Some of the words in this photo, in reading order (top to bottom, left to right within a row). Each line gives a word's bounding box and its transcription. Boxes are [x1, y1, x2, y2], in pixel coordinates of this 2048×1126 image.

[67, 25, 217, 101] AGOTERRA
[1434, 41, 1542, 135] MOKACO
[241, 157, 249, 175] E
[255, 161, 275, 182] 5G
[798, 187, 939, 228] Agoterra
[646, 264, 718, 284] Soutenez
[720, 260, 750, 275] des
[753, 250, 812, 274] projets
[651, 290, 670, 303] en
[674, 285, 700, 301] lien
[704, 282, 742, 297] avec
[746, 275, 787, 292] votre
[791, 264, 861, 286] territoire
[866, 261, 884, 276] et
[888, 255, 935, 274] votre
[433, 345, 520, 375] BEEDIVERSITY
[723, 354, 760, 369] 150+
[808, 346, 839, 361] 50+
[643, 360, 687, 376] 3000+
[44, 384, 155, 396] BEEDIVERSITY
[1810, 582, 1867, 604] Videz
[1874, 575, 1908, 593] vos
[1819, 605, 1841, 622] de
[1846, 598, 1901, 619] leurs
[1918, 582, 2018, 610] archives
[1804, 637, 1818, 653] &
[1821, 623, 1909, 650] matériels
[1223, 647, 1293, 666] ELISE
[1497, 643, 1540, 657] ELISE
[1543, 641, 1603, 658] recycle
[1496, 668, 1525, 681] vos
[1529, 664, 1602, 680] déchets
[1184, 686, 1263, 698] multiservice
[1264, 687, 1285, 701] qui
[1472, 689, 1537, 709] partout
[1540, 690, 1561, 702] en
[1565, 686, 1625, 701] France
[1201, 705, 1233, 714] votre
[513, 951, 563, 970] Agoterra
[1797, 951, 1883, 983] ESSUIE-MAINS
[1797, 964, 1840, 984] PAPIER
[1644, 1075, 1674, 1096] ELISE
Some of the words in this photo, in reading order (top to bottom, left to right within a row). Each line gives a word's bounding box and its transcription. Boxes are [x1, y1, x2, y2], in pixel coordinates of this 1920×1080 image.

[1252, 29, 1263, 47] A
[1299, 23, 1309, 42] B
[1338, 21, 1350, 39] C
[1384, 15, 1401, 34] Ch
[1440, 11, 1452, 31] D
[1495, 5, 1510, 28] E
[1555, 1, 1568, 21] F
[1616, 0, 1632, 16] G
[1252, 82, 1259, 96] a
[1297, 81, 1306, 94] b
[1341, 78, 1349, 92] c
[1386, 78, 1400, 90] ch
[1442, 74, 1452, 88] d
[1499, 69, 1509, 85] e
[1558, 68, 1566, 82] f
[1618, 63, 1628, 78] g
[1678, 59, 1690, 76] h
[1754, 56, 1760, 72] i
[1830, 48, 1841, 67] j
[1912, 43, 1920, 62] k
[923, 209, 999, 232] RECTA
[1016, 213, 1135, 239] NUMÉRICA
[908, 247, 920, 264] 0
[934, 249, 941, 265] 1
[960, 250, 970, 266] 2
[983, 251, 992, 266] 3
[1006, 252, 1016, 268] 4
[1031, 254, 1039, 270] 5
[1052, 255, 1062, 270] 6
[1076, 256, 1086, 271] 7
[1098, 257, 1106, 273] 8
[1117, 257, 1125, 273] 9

_ _ _ _ _

Return every line of the material above exactly.

# YOUR RESPONSE:
Some of the words in this photo, in reading order (top to bottom, left to right within a row). Each line gives a word's bounding box and its transcription. Boxes are [x1, y1, x2, y2], in pixel coordinates of this 2048×1126 image.

[67, 25, 217, 101] AGOTERRA
[1434, 41, 1542, 135] MOKACO
[241, 157, 249, 175] E
[255, 161, 275, 182] 5G
[798, 187, 939, 228] Agoterra
[646, 264, 718, 284] Soutenez
[720, 260, 750, 275] des
[753, 250, 812, 274] projets
[651, 290, 670, 303] en
[674, 285, 700, 301] lien
[704, 282, 742, 297] avec
[746, 275, 787, 292] votre
[791, 264, 861, 286] territoire
[866, 261, 884, 276] et
[888, 255, 935, 274] votre
[433, 345, 520, 375] BEEDIVERSITY
[723, 354, 760, 369] 150+
[808, 346, 839, 361] 50+
[643, 360, 687, 376] 3000+
[44, 384, 155, 396] BEEDIVERSITY
[1810, 582, 1867, 604] Videz
[1874, 575, 1908, 593] vos
[1819, 605, 1841, 622] de
[1846, 598, 1901, 619] leurs
[1918, 582, 2018, 610] archives
[1804, 637, 1818, 653] &
[1821, 623, 1909, 650] matériels
[1223, 647, 1293, 666] ELISE
[1497, 643, 1540, 657] ELISE
[1543, 641, 1603, 658] recycle
[1496, 668, 1525, 681] vos
[1529, 664, 1602, 680] déchets
[1184, 686, 1263, 698] multiservice
[1264, 687, 1285, 701] qui
[1472, 689, 1537, 709] partout
[1540, 690, 1561, 702] en
[1565, 686, 1625, 701] France
[1201, 705, 1233, 714] votre
[513, 951, 563, 970] Agoterra
[1797, 951, 1883, 983] ESSUIE-MAINS
[1797, 964, 1840, 984] PAPIER
[1644, 1075, 1674, 1096] ELISE
Some of the words in this photo, in reading order (top to bottom, left to right within a row). Each line gives a word's bounding box and its transcription. Boxes are [x1, y1, x2, y2], in pixel coordinates of this 1920×1080 image.

[1252, 29, 1263, 47] A
[1299, 23, 1309, 42] B
[1338, 21, 1350, 39] C
[1384, 15, 1401, 34] Ch
[1440, 11, 1452, 31] D
[1495, 5, 1510, 28] E
[1555, 1, 1568, 21] F
[1616, 0, 1632, 16] G
[1252, 82, 1259, 96] a
[1297, 81, 1306, 94] b
[1341, 78, 1349, 92] c
[1386, 78, 1400, 90] ch
[1442, 74, 1452, 88] d
[1499, 69, 1509, 85] e
[1558, 68, 1566, 82] f
[1618, 63, 1628, 78] g
[1678, 59, 1690, 76] h
[1754, 56, 1760, 72] i
[1830, 48, 1841, 67] j
[1912, 43, 1920, 62] k
[923, 209, 999, 232] RECTA
[1016, 213, 1135, 239] NUMÉRICA
[908, 247, 920, 264] 0
[934, 249, 941, 265] 1
[960, 250, 970, 266] 2
[983, 251, 992, 266] 3
[1006, 252, 1016, 268] 4
[1031, 254, 1039, 270] 5
[1052, 255, 1062, 270] 6
[1076, 256, 1086, 271] 7
[1098, 257, 1106, 273] 8
[1117, 257, 1125, 273] 9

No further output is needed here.